Survivor astronomy style

Marina Joubert

The radio frequency interference measurements at the proposed SKA site took place in some of the remotest parts of South Africa.

A mobile RFI measurement hoisted up in a tree in Carnavon for on-the-spot repairs.

If South Africa wants to host the world's biggest radio telescope, the Square Kilometre Array (SKA), we have to prove that a remote part of our country is "radio quiet" enough to allow this cutting-edge mega telescope to be built here.

In the same way that light pollution from big cities impairs optical astronomy, human settlements and communication networks produce radio waves that interfere with radio astronomy. The radio signals from outer space that astronomers measure can be a million times fainter than a cell phone signal. Therefore finding the best place to build a new radio telescope means getting far, far away from where people are.

Based on measurements over the last three years, South African scientists identified potential sites for hosting the SKA in the Northern Cape.

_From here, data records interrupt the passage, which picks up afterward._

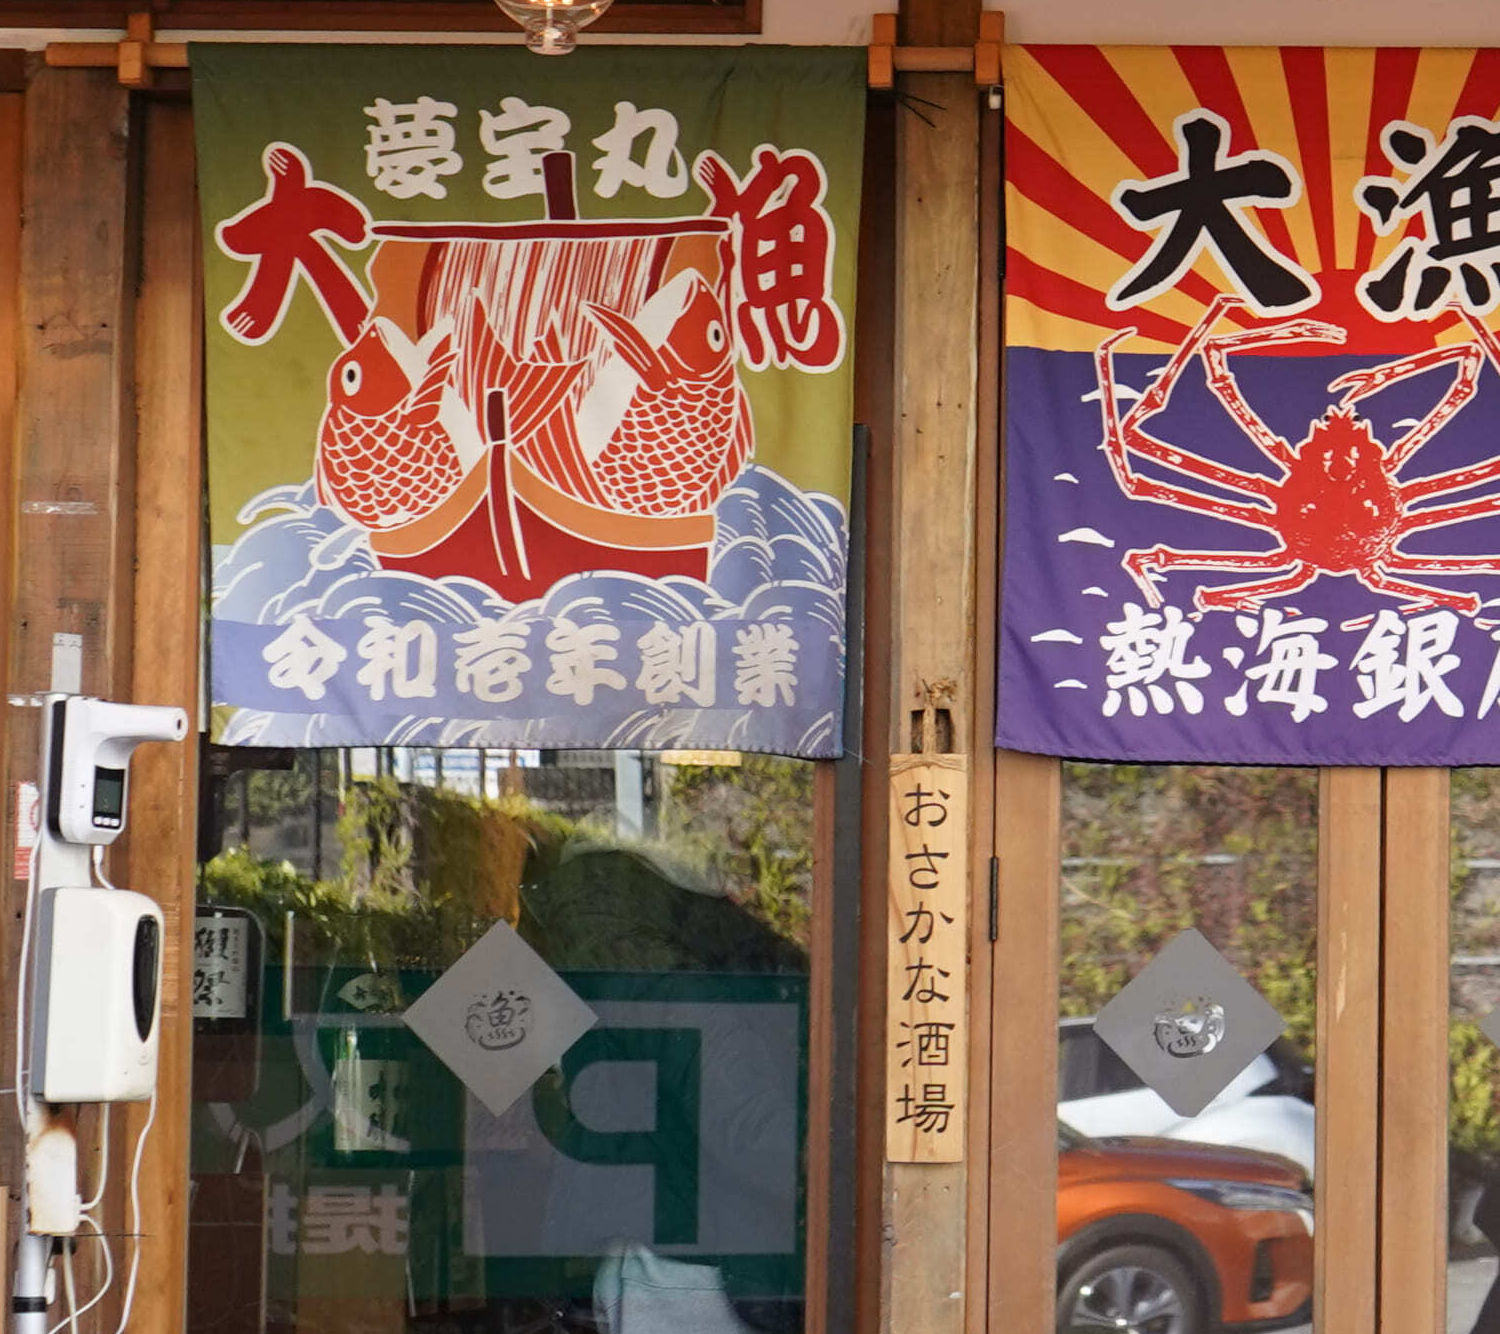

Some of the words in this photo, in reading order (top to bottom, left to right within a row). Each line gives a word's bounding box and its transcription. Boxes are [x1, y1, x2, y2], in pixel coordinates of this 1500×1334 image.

[216, 142, 373, 346] 大
[262, 615, 797, 708] 令和壱年創業
[897, 782, 955, 1134] おさかな酒場
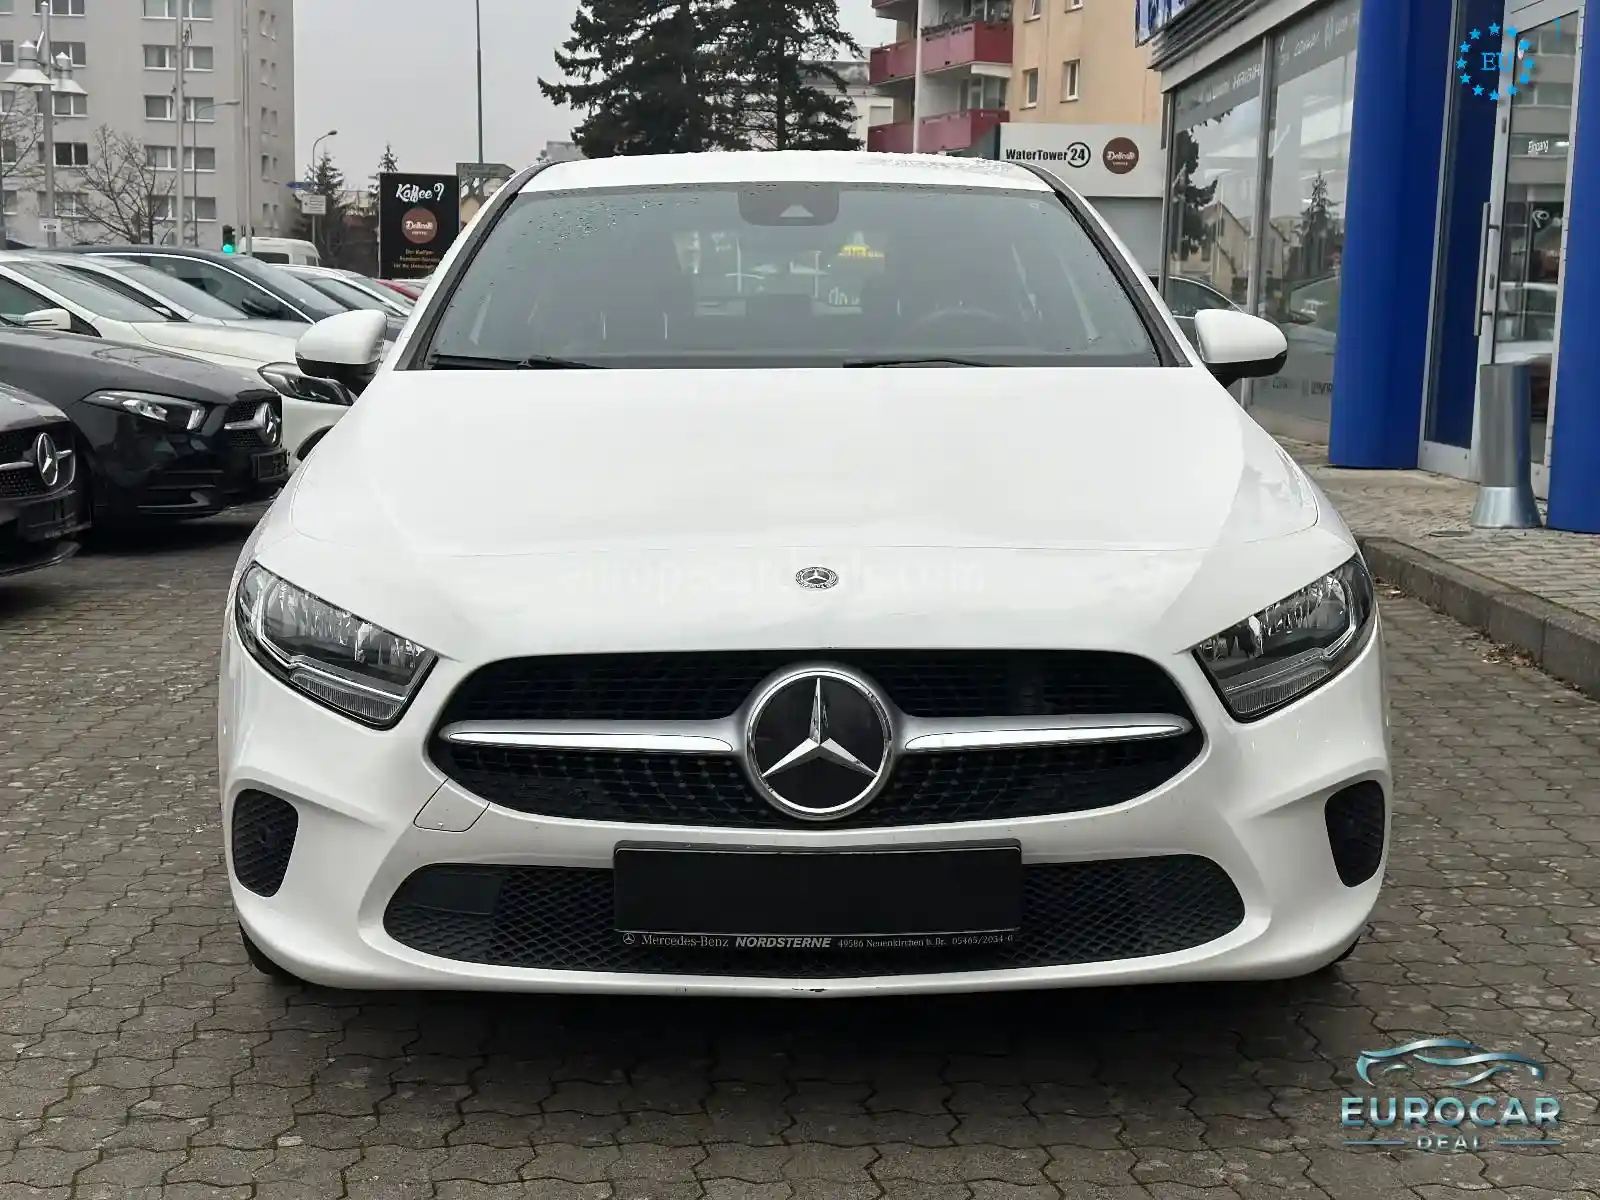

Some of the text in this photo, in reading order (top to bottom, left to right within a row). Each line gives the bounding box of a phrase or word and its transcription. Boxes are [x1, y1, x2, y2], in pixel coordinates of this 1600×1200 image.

[1069, 148, 1086, 161] 24
[641, 934, 729, 947] Mercedes-Benz
[735, 936, 832, 948] NORDSTERNE
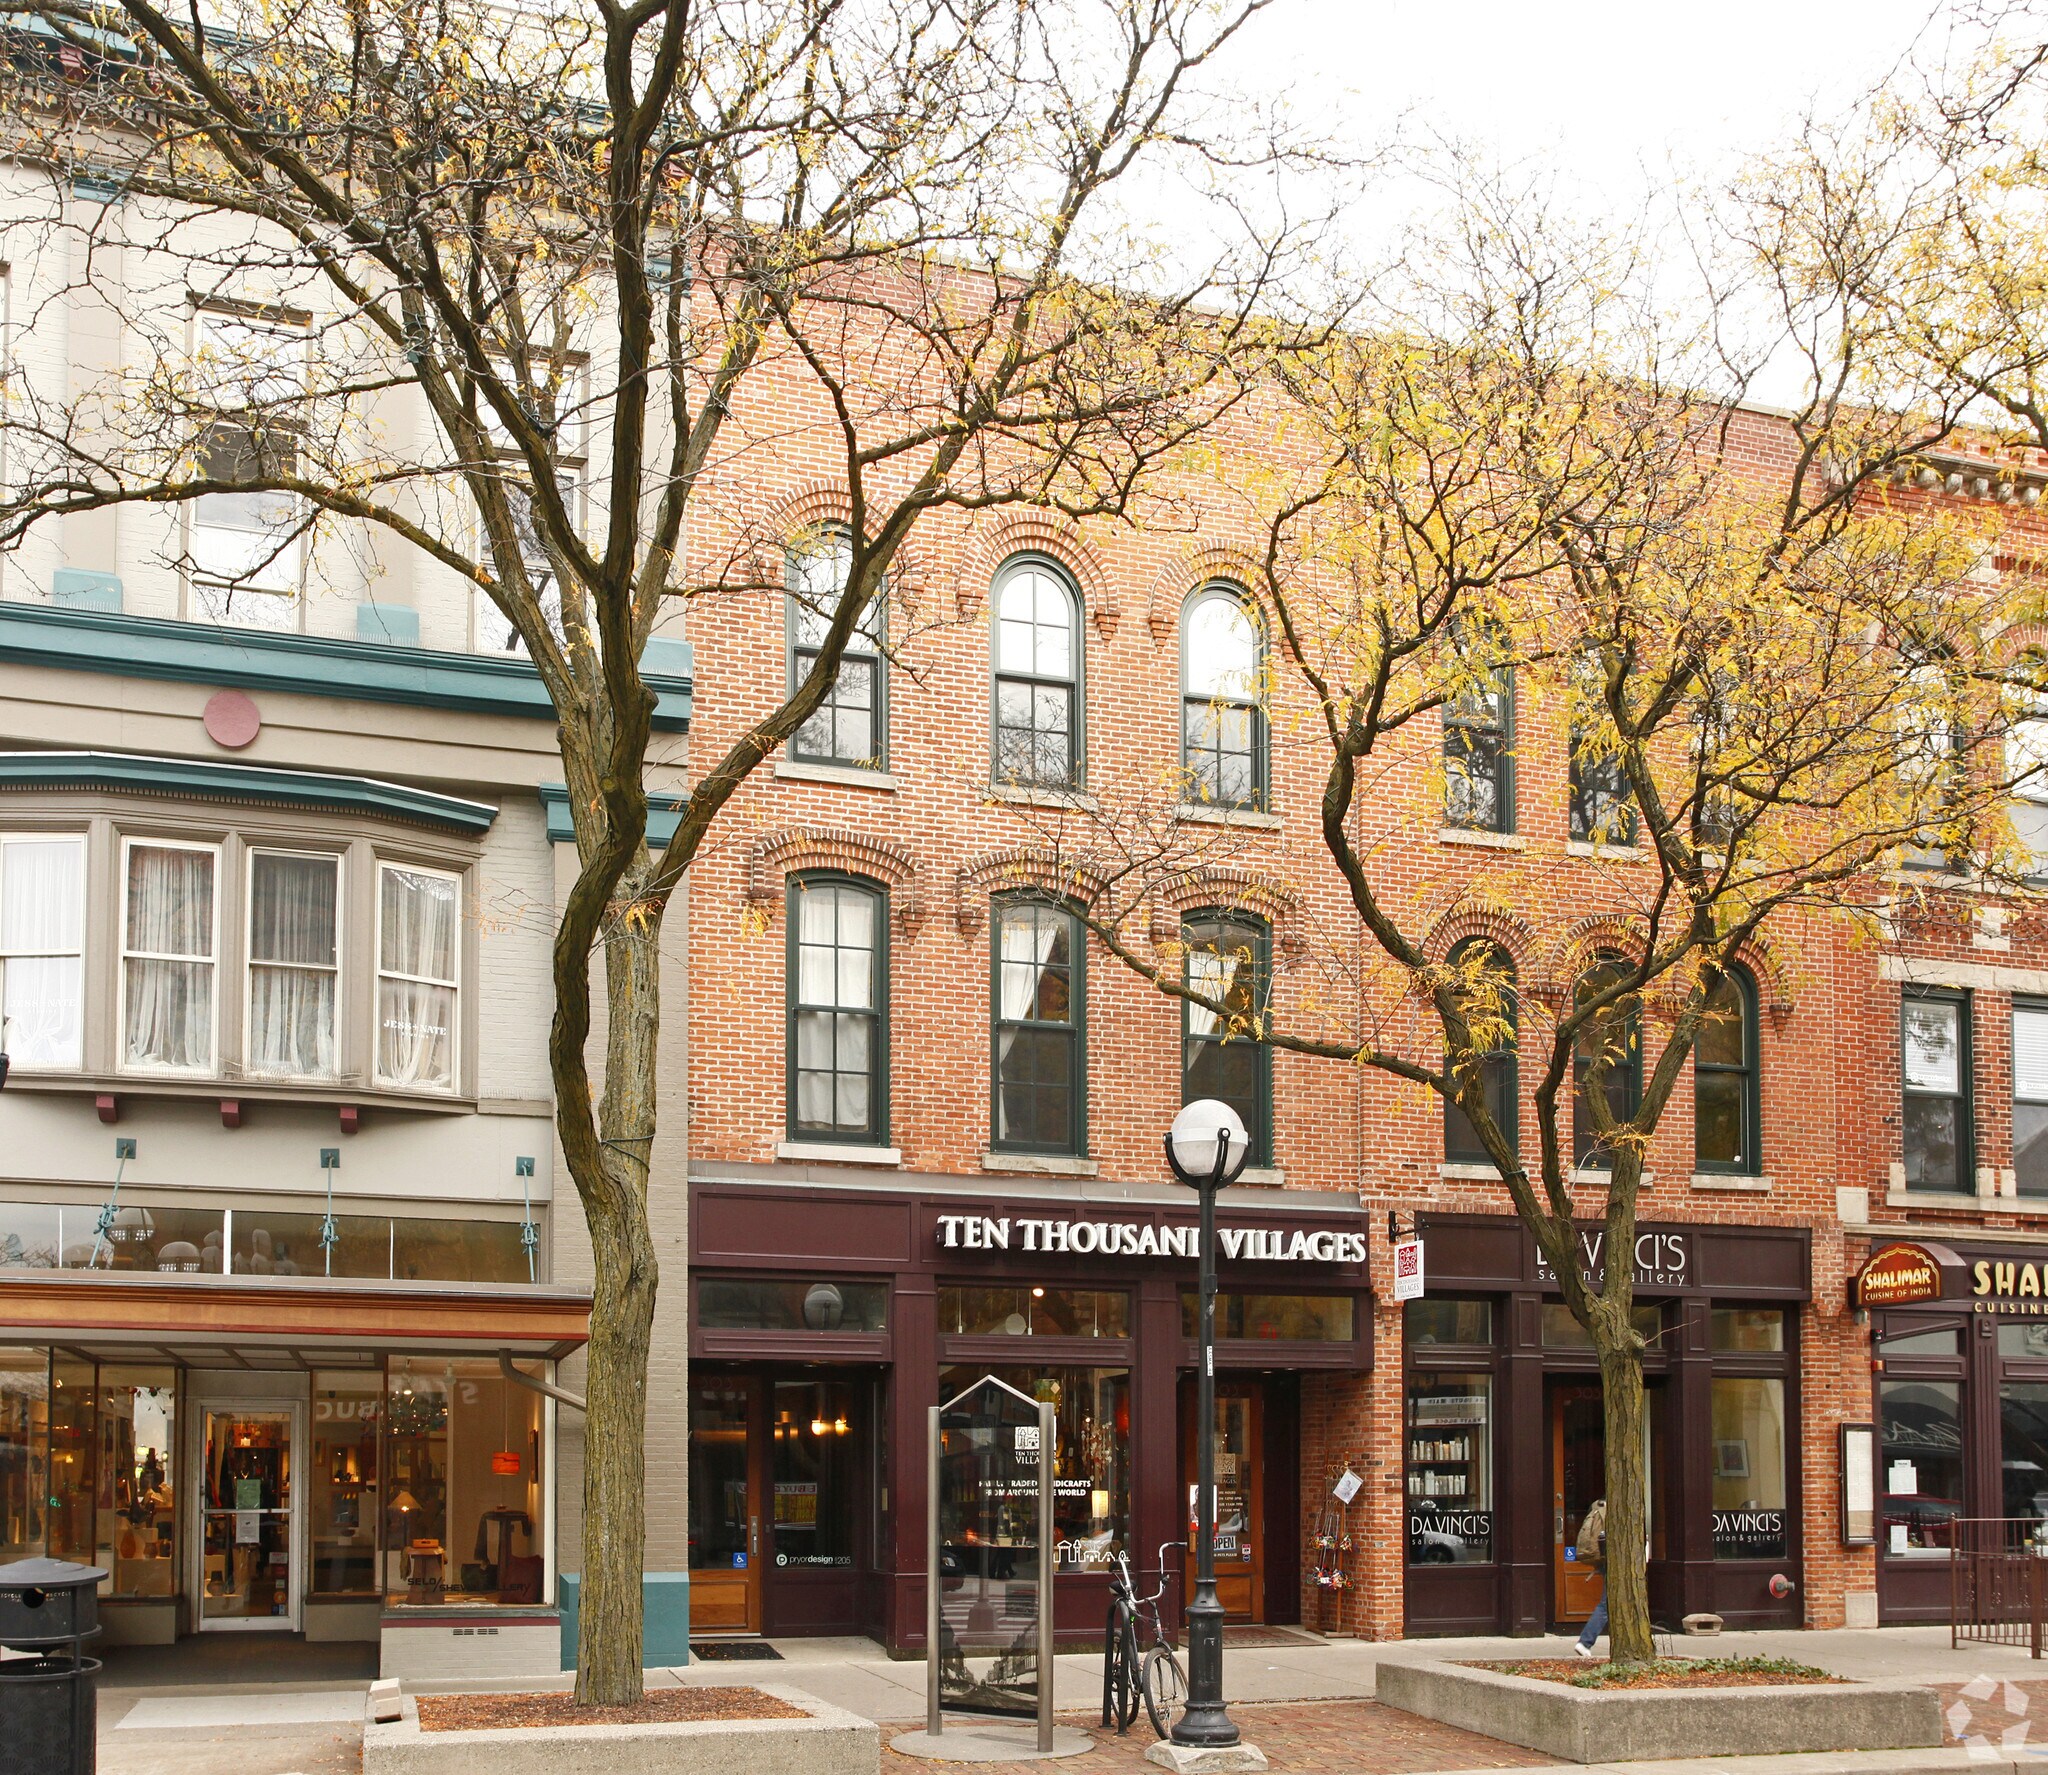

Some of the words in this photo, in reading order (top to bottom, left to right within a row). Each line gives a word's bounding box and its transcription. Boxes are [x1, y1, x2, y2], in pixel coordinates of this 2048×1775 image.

[936, 1214, 1010, 1250] TEN
[1015, 1218, 1200, 1257] THOUSAN
[1216, 1227, 1367, 1264] VILLAGES
[1581, 1231, 1686, 1272] VCI'S
[1865, 1267, 1932, 1291] SHALIMAR
[1865, 1289, 1895, 1301] CUISINE
[1897, 1288, 1908, 1298] OF
[1910, 1286, 1932, 1296] INDIA
[1057, 1488, 1087, 1497] WORLD
[1712, 1534, 1738, 1542] alon
[789, 1555, 834, 1565] pryordesign

There is probably no site on earth 100% free from radio interference. The challenge is to find the best possible site with minimal radio interference and where it is also possible to mitigate the existing interference through measures such as providing local communities with alternative television and phone services, thereby getting rid of some of the sources of radio interference. The proposed SKA sites are also shielded against radio interference from the Cape metropolitan areas by a mountain range towards the south.

Engineers at the Hartebeesthoek Radio Astronomy Observatory (HartRAO) designed a unique RFI measuring system that could run unattended at the sites and do measurements across a wide range of radio frequencies. Components such as receiving antennas, low noise amplifiers and spectrum analyzers, as well as control and data storage systems, were all built into three robust trailers that could be parked on rugged terrain. Each unit had to be air-conditioned to protect the equipment against sub-zero winter temperatures and temperatures that soar to more than 40 degrees Celsius in summer. One of these trailers was dedicated to measurements at the core of the proposed site, while two mobile units moved between remote areas where outlying stations of the SKA could be located in other parts of South Africa, as well as Botswana, Namibia and Mozambique. The Independent Communications Authority of South Africa (ICASA) provided key people and expertise to make the RFI project possible.

The team spent months at a time in some of South Africa's harshest environments, where hours can go by without a single car passing on the narrow gravel roads. They had to cope with bad roads, and often no roads, to get to the designated coordinates. "This was as tough as any Survivor series," says Gerhard Petrick, who worked for the SKA South Africa project at the time and spent months in the field for the on the RFI project.

The team was working around the clock to complete the RFI survey in time for a deadline set by the international SKA project. So, when the core site's RFI unit broke down, HartRAO immediately dispatched a rescue mission. They hoisted the cabin up into a tree just outside Carnavon, and fixed it on the spot.

The team enjoyed the cooperation of local farmers on whose land the measurements were done and especially the hospitality of the Louw family, who provided accommodation, meals and logistical support.

South Africa is one of four countries shortlisted to host the SKA. A final decision on the host site is only expected in 2008. The RFI project has also helped to select an ideal location for the Karoo Array Telescope (KAT). The Department of Science and Technology (DST) supports both the SKA South Africa bid and the building of the KAT.